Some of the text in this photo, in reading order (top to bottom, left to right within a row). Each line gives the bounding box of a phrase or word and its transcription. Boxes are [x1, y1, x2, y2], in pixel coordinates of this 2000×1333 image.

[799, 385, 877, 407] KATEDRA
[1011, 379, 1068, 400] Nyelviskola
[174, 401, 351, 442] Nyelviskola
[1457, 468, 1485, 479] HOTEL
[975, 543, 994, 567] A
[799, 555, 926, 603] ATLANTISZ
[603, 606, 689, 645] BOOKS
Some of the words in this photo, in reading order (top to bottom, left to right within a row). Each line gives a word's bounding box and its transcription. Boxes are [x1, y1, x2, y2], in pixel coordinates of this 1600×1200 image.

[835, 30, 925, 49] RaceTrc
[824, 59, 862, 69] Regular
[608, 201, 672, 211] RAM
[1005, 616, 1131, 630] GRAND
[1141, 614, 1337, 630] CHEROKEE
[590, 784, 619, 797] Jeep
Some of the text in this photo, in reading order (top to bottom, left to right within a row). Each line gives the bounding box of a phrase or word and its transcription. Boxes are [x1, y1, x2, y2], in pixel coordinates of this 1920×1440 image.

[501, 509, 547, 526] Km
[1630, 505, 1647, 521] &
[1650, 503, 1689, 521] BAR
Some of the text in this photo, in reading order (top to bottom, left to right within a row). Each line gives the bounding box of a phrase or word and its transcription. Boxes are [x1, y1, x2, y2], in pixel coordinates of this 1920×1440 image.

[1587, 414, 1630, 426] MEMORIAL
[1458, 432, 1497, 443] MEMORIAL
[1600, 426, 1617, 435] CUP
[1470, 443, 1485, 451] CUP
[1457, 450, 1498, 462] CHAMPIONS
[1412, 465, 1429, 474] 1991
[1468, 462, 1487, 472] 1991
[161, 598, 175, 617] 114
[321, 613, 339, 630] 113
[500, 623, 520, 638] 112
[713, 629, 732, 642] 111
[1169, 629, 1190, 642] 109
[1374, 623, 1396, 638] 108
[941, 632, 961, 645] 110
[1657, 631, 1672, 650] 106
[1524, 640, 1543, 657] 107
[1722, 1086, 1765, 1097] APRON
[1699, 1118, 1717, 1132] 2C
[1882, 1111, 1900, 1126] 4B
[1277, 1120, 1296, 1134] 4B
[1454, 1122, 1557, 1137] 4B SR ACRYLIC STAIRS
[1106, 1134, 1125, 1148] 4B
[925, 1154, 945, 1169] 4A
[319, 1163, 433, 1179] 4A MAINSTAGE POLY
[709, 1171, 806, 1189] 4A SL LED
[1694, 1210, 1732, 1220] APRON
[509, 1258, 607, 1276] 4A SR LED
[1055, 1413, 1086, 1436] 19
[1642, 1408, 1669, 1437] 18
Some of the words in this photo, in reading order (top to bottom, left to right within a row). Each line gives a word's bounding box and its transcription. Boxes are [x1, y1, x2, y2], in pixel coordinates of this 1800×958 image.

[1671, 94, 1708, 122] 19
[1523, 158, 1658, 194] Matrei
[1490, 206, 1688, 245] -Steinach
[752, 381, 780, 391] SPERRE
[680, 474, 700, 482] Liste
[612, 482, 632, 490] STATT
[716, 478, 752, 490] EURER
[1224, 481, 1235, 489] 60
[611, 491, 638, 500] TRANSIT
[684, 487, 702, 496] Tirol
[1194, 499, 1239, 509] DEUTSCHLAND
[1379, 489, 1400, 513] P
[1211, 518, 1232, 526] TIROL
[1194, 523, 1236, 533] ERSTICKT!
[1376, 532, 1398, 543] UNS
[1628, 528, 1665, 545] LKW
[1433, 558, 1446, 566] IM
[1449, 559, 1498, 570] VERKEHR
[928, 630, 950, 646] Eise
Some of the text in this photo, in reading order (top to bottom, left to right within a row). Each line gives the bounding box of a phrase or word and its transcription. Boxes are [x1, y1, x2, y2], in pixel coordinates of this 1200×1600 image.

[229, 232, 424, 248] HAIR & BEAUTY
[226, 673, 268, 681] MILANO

• _INSTRUCTIONS TO FOLLOW_: Retype the records above exactly.

• _REPLY_:
Some of the text in this photo, in reading order (top to bottom, left to right within a row). Each line gives the bounding box of a phrase or word and its transcription. Boxes are [x1, y1, x2, y2], in pixel coordinates of this 2000×1333 image.

[799, 385, 877, 407] KATEDRA
[1011, 379, 1068, 400] Nyelviskola
[174, 401, 351, 442] Nyelviskola
[1457, 468, 1485, 479] HOTEL
[975, 543, 994, 567] A
[799, 555, 926, 603] ATLANTISZ
[603, 606, 689, 645] BOOKS
Some of the words in this photo, in reading order (top to bottom, left to right within a row). Each line gives a word's bounding box and its transcription. Boxes are [x1, y1, x2, y2], in pixel coordinates of this 1600×1200 image.

[835, 30, 925, 49] RaceTrc
[824, 59, 862, 69] Regular
[608, 201, 672, 211] RAM
[1005, 616, 1131, 630] GRAND
[1141, 614, 1337, 630] CHEROKEE
[590, 784, 619, 797] Jeep
Some of the text in this photo, in reading order (top to bottom, left to right within a row). Each line gives the bounding box of a phrase or word and its transcription. Boxes are [x1, y1, x2, y2], in pixel coordinates of this 1920×1440 image.

[501, 509, 547, 526] Km
[1630, 505, 1647, 521] &
[1650, 503, 1689, 521] BAR
Some of the text in this photo, in reading order (top to bottom, left to right within a row). Each line gives the bounding box of a phrase or word and its transcription. Boxes are [x1, y1, x2, y2], in pixel coordinates of this 1920×1440 image.

[1587, 414, 1630, 426] MEMORIAL
[1458, 432, 1497, 443] MEMORIAL
[1600, 426, 1617, 435] CUP
[1470, 443, 1485, 451] CUP
[1457, 450, 1498, 462] CHAMPIONS
[1412, 465, 1429, 474] 1991
[1468, 462, 1487, 472] 1991
[161, 598, 175, 617] 114
[321, 613, 339, 630] 113
[500, 623, 520, 638] 112
[713, 629, 732, 642] 111
[1169, 629, 1190, 642] 109
[1374, 623, 1396, 638] 108
[941, 632, 961, 645] 110
[1657, 631, 1672, 650] 106
[1524, 640, 1543, 657] 107
[1722, 1086, 1765, 1097] APRON
[1699, 1118, 1717, 1132] 2C
[1882, 1111, 1900, 1126] 4B
[1277, 1120, 1296, 1134] 4B
[1454, 1122, 1557, 1137] 4B SR ACRYLIC STAIRS
[1106, 1134, 1125, 1148] 4B
[925, 1154, 945, 1169] 4A
[319, 1163, 433, 1179] 4A MAINSTAGE POLY
[709, 1171, 806, 1189] 4A SL LED
[1694, 1210, 1732, 1220] APRON
[509, 1258, 607, 1276] 4A SR LED
[1055, 1413, 1086, 1436] 19
[1642, 1408, 1669, 1437] 18
Some of the words in this photo, in reading order (top to bottom, left to right within a row). Each line gives a word's bounding box and its transcription. Boxes are [x1, y1, x2, y2], in pixel coordinates of this 1800×958 image.

[1671, 94, 1708, 122] 19
[1523, 158, 1658, 194] Matrei
[1490, 206, 1688, 245] -Steinach
[752, 381, 780, 391] SPERRE
[680, 474, 700, 482] Liste
[612, 482, 632, 490] STATT
[716, 478, 752, 490] EURER
[1224, 481, 1235, 489] 60
[611, 491, 638, 500] TRANSIT
[684, 487, 702, 496] Tirol
[1194, 499, 1239, 509] DEUTSCHLAND
[1379, 489, 1400, 513] P
[1211, 518, 1232, 526] TIROL
[1194, 523, 1236, 533] ERSTICKT!
[1376, 532, 1398, 543] UNS
[1628, 528, 1665, 545] LKW
[1433, 558, 1446, 566] IM
[1449, 559, 1498, 570] VERKEHR
[928, 630, 950, 646] Eise
Some of the text in this photo, in reading order (top to bottom, left to right within a row). Each line gives the bounding box of a phrase or word and its transcription. Boxes are [x1, y1, x2, y2], in pixel coordinates of this 1200×1600 image.

[229, 232, 424, 248] HAIR & BEAUTY
[226, 673, 268, 681] MILANO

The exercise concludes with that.